Requirement: Copy the data exactly, keeping every line intact.

Data under study:
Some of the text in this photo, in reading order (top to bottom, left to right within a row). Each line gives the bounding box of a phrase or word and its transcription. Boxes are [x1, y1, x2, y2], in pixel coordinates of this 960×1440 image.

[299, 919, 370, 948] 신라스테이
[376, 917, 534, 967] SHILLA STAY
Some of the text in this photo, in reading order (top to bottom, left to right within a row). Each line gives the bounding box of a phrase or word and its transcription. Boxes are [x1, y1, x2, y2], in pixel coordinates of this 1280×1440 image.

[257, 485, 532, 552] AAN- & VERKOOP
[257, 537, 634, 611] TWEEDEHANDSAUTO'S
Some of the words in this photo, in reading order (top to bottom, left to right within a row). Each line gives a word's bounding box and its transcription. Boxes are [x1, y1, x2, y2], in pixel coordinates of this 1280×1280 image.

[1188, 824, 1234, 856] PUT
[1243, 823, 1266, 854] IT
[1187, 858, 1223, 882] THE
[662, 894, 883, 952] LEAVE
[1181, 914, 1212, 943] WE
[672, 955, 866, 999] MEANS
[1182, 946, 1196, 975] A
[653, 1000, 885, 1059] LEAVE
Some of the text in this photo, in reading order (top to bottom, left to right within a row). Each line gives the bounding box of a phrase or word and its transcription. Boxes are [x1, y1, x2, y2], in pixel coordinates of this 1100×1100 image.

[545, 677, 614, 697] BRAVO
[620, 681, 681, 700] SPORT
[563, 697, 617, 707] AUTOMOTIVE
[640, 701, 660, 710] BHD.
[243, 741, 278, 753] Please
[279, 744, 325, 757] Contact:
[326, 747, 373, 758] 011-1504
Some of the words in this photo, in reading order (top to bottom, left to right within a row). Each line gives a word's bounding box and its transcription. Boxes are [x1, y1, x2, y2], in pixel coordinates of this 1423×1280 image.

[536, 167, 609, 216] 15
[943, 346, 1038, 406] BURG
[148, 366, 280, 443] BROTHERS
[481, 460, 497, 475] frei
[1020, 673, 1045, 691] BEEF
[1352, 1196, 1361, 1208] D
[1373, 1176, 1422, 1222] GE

Solution:
Some of the text in this photo, in reading order (top to bottom, left to right within a row). Each line gives the bounding box of a phrase or word and its transcription. Boxes are [x1, y1, x2, y2], in pixel coordinates of this 960×1440 image.

[299, 919, 370, 948] 신라스테이
[376, 917, 534, 967] SHILLA STAY
Some of the text in this photo, in reading order (top to bottom, left to right within a row). Each line gives the bounding box of a phrase or word and its transcription. Boxes are [x1, y1, x2, y2], in pixel coordinates of this 1280×1440 image.

[257, 485, 532, 552] AAN- & VERKOOP
[257, 537, 634, 611] TWEEDEHANDSAUTO'S
Some of the words in this photo, in reading order (top to bottom, left to right within a row). Each line gives a word's bounding box and its transcription. Boxes are [x1, y1, x2, y2], in pixel coordinates of this 1280×1280 image.

[1188, 824, 1234, 856] PUT
[1243, 823, 1266, 854] IT
[1187, 858, 1223, 882] THE
[662, 894, 883, 952] LEAVE
[1181, 914, 1212, 943] WE
[672, 955, 866, 999] MEANS
[1182, 946, 1196, 975] A
[653, 1000, 885, 1059] LEAVE
Some of the text in this photo, in reading order (top to bottom, left to right within a row). Each line gives the bounding box of a phrase or word and its transcription. Boxes are [x1, y1, x2, y2], in pixel coordinates of this 1100×1100 image.

[545, 677, 614, 697] BRAVO
[620, 681, 681, 700] SPORT
[563, 697, 617, 707] AUTOMOTIVE
[640, 701, 660, 710] BHD.
[243, 741, 278, 753] Please
[279, 744, 325, 757] Contact:
[326, 747, 373, 758] 011-1504
Some of the words in this photo, in reading order (top to bottom, left to right within a row). Each line gives a word's bounding box and its transcription. Boxes are [x1, y1, x2, y2], in pixel coordinates of this 1423×1280 image.

[536, 167, 609, 216] 15
[943, 346, 1038, 406] BURG
[148, 366, 280, 443] BROTHERS
[481, 460, 497, 475] frei
[1020, 673, 1045, 691] BEEF
[1352, 1196, 1361, 1208] D
[1373, 1176, 1422, 1222] GE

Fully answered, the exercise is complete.